TASK PROMPT »
Return the entries exactly. Images are not part of the copy.

-------

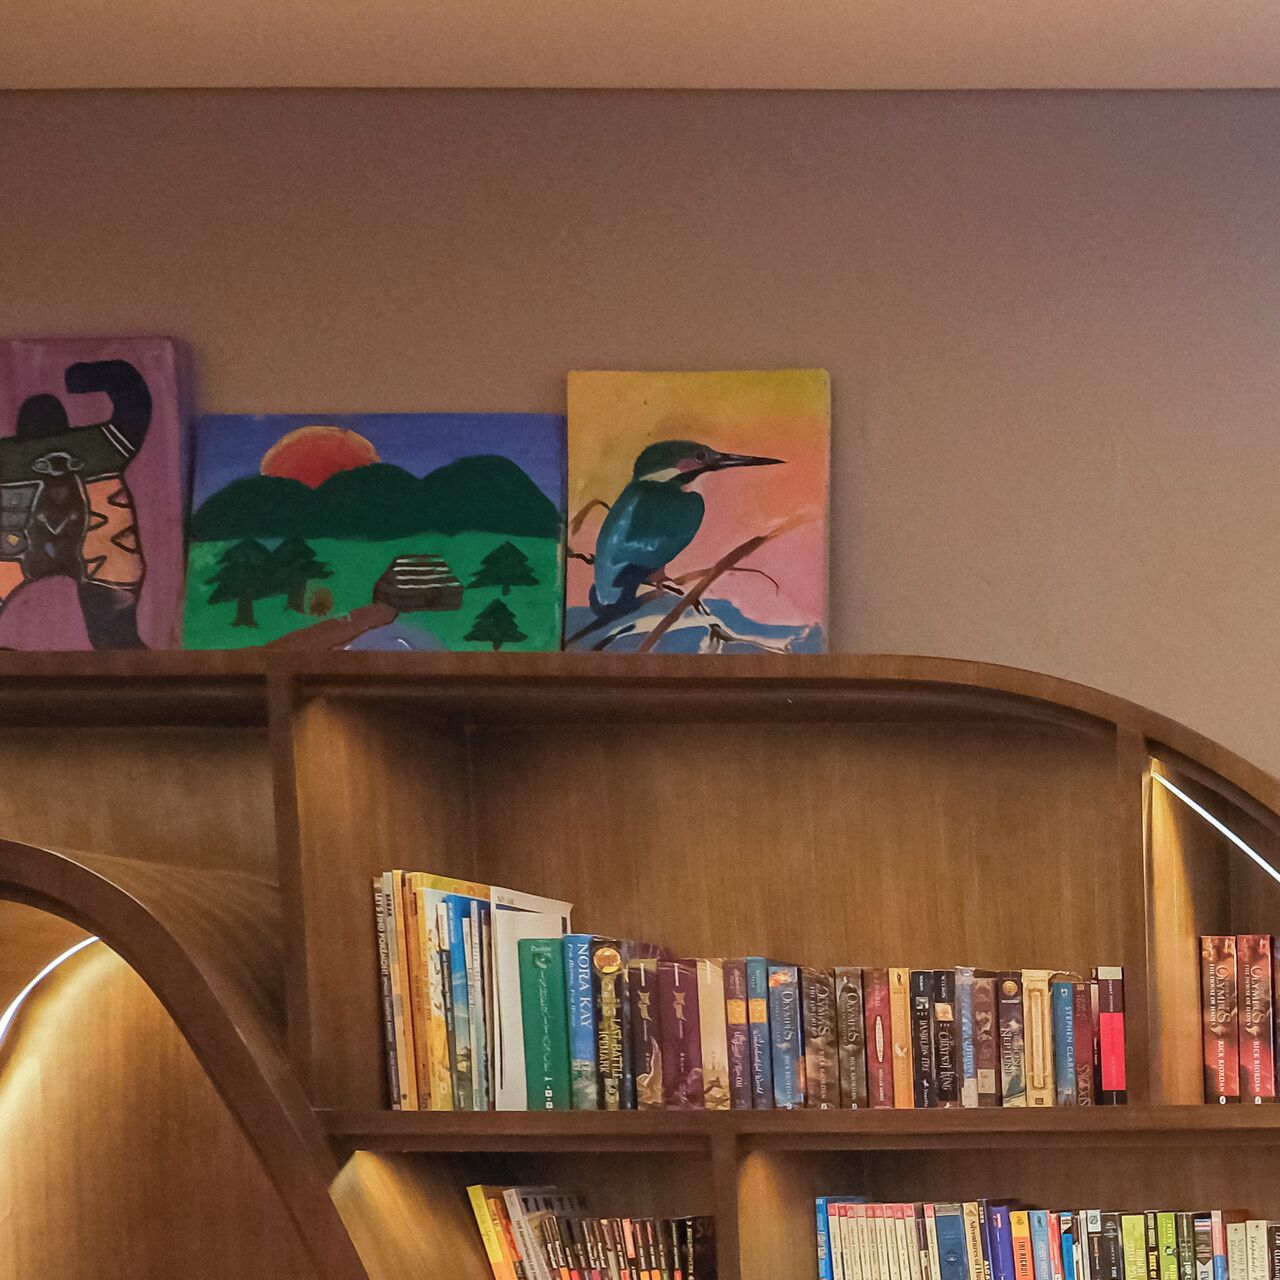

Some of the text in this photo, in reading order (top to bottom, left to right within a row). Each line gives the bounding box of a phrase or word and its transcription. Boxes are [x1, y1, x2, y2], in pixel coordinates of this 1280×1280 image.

[375, 893, 383, 912] LET'S
[376, 913, 384, 931] FIND
[577, 944, 592, 1029] NORA KAY
[1216, 965, 1230, 1023] OLYMPUS
[1251, 965, 1264, 1023] OLYMPUS
[782, 991, 795, 1040] OLYMPUS
[847, 992, 859, 1041] OLYMPUS
[598, 1031, 609, 1072] ICEMARK
[612, 1044, 623, 1079] BATTLE
[1066, 1046, 1074, 1078] CLARKE
[942, 1071, 956, 1090] KING
[970, 1219, 979, 1257] Adventures
[1020, 1253, 1029, 1277] RECRUIT
[1149, 1251, 1157, 1269] THREE

-------

FINISHED TASK »
Some of the text in this photo, in reading order (top to bottom, left to right within a row). Each line gives the bounding box of a phrase or word and its transcription. Boxes are [x1, y1, x2, y2], in pixel coordinates of this 1280×1280 image.

[375, 893, 383, 912] LET'S
[376, 913, 384, 931] FIND
[577, 944, 592, 1029] NORA KAY
[1216, 965, 1230, 1023] OLYMPUS
[1251, 965, 1264, 1023] OLYMPUS
[782, 991, 795, 1040] OLYMPUS
[847, 992, 859, 1041] OLYMPUS
[598, 1031, 609, 1072] ICEMARK
[612, 1044, 623, 1079] BATTLE
[1066, 1046, 1074, 1078] CLARKE
[942, 1071, 956, 1090] KING
[970, 1219, 979, 1257] Adventures
[1020, 1253, 1029, 1277] RECRUIT
[1149, 1251, 1157, 1269] THREE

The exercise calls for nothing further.